The activities and performance of the Director of Public Prosecutions have never been far from controversy and, on occasion, have been operating not in the best interest of the administration of Law in this State—a view caused by a void in the rationale of the decision, accountability.
Examples where the DPP’s Office has made questionable decisions that would seem not to be in the best interest of Justice include,
- The travel rorts of two politicians.
- The decisions around the Pell matter.
- Any number of matters associated with the Lawer X fiasco.
- Decisions relating to the Red Shirts rort, and
- Aspects of the COVID Hotel Quarantine fiasco resulted in 768 deaths and 18,000 infections.
In these matters, the lack of anybody being held to account before the law, with one exception, the Pell matter, where the High Court determined that the actions of the office of the DPP had perpetrated a grave injustice, raises the suspicion that the DPP’s Office is exercising bias.
In the Pell matter, the architects of this injustice should have been held to account before the same law they attempted to manipulate for their purposes.
Another common denominator has been the conga line of key players responsible for these debacles being promoted to higher office.
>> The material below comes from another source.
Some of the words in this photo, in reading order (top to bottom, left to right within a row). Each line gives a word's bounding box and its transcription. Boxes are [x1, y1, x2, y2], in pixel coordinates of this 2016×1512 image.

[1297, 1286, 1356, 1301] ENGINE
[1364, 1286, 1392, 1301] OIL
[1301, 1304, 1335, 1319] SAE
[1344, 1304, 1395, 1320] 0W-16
A cynic may argue that you need to make a mess of what you are responsible for to get ahead, ending up with people promoted to the level of incompetence.
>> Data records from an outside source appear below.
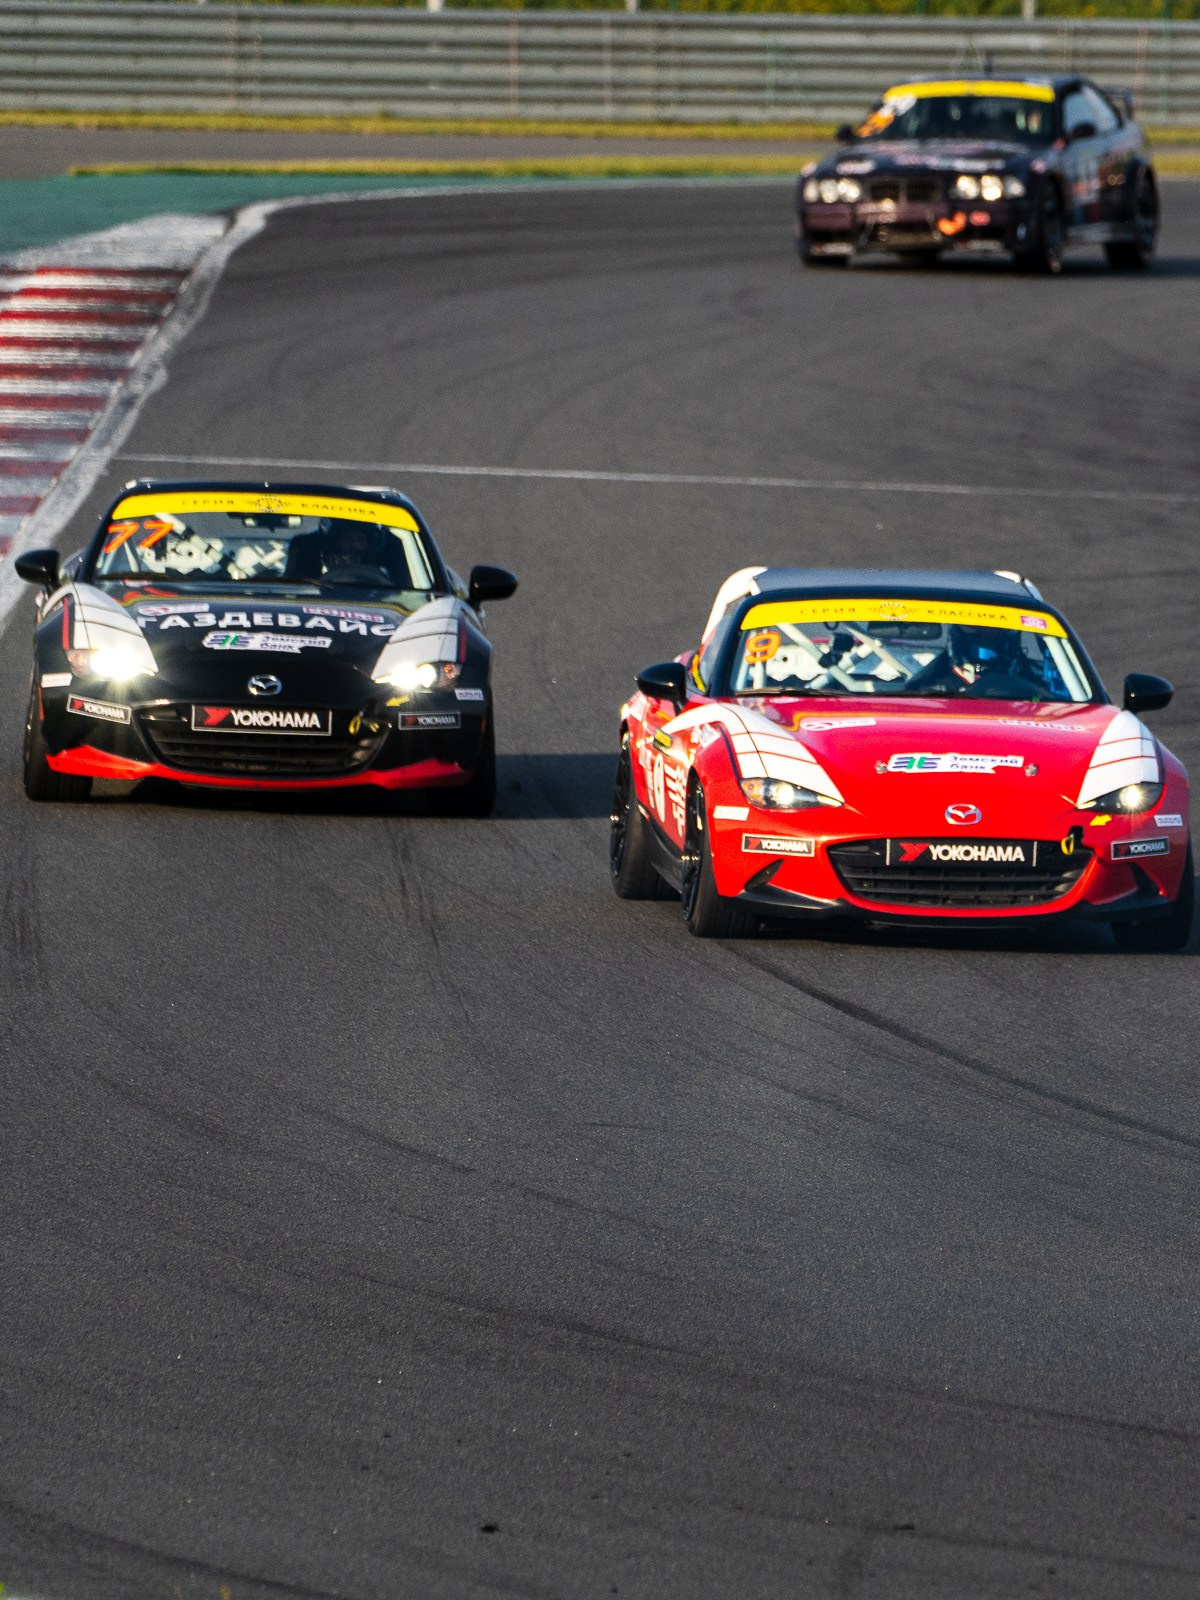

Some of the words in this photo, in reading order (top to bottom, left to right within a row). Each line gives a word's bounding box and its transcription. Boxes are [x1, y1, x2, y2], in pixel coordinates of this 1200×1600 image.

[104, 521, 174, 554] 77
[136, 612, 396, 636] ГАЗДЕВАЙС
[927, 609, 1008, 621] КЛАССИКА
[745, 631, 782, 665] 9
[231, 709, 321, 729] YOKOHAMA
[950, 755, 1019, 765] Земский
[761, 838, 809, 853] YOKOHAMA
[929, 844, 1025, 862] YOKOHAMA
[1129, 841, 1165, 854] YOKOHAMA
It is no wonder that many in high office in this state were promoted despite their apparent failures and are now responsible for guiding Victoria, by any measure, into decline.
A brave and welcome change where the DPP was required to give a reason for decisions not to prosecute would go a long way to improve the accountability of that Office. That would ensure the decision is based on the Law, not some other influence.
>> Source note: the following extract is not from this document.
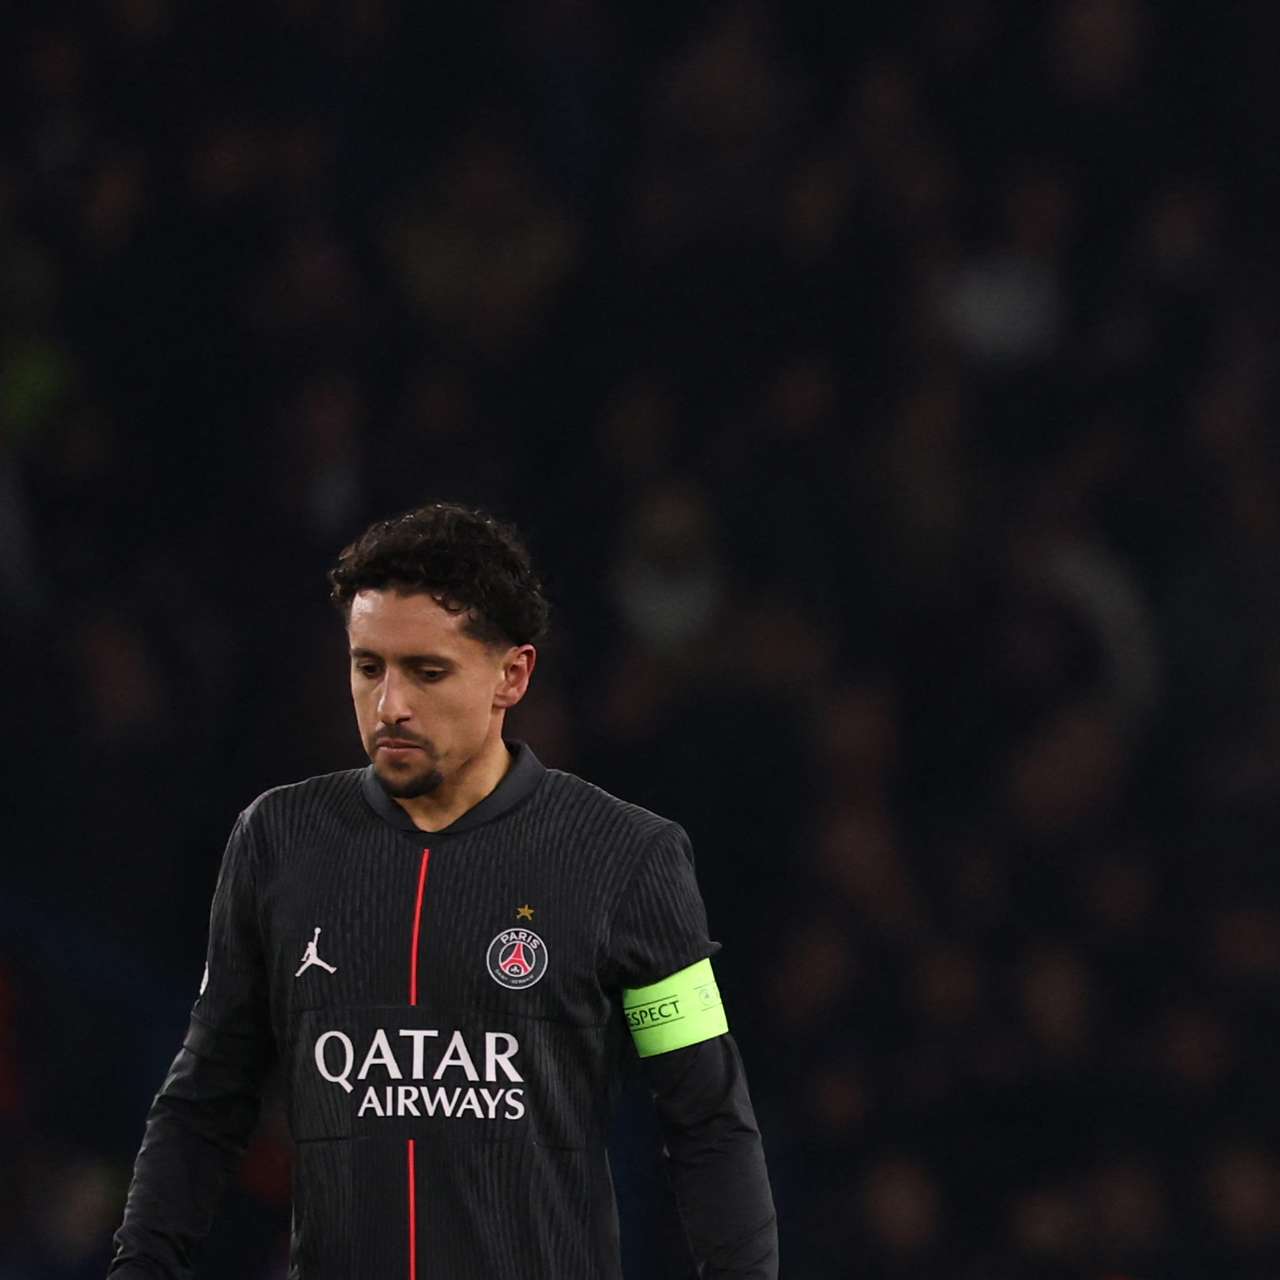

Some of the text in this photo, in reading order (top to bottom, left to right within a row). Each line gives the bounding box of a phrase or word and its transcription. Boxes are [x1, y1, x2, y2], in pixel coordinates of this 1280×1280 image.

[500, 932, 540, 949] PARIS
[314, 1028, 524, 1093] QATAR
[356, 1085, 525, 1120] AIRWAYS
The Judiciary are required to provide reasons for decisions, why not the DPP, as letting the light in avoids misconceptions of the office’s function.
The publication of decisions and reasons does not hamper the independence of the Courts, so it would not hamper the independence of the DPP.
The Victorian Law Reform Commission (VLRC) also called for Victoria’s Director of Public Prosecutions to take charge of more matters earlier and for police to take a back seat in prosecuting indictable offences.
For the DDP’s Office to play a more significant role, taking charge of criminal cases earlier is a retrograde step that will open up the legal system to corruption, as placing too much power in one entity inevitably creates, particularly if that entity is not accountable.
The idiom of ‘power corrupts, absolute power corrupts absolutely’ will be the inevitable outcome.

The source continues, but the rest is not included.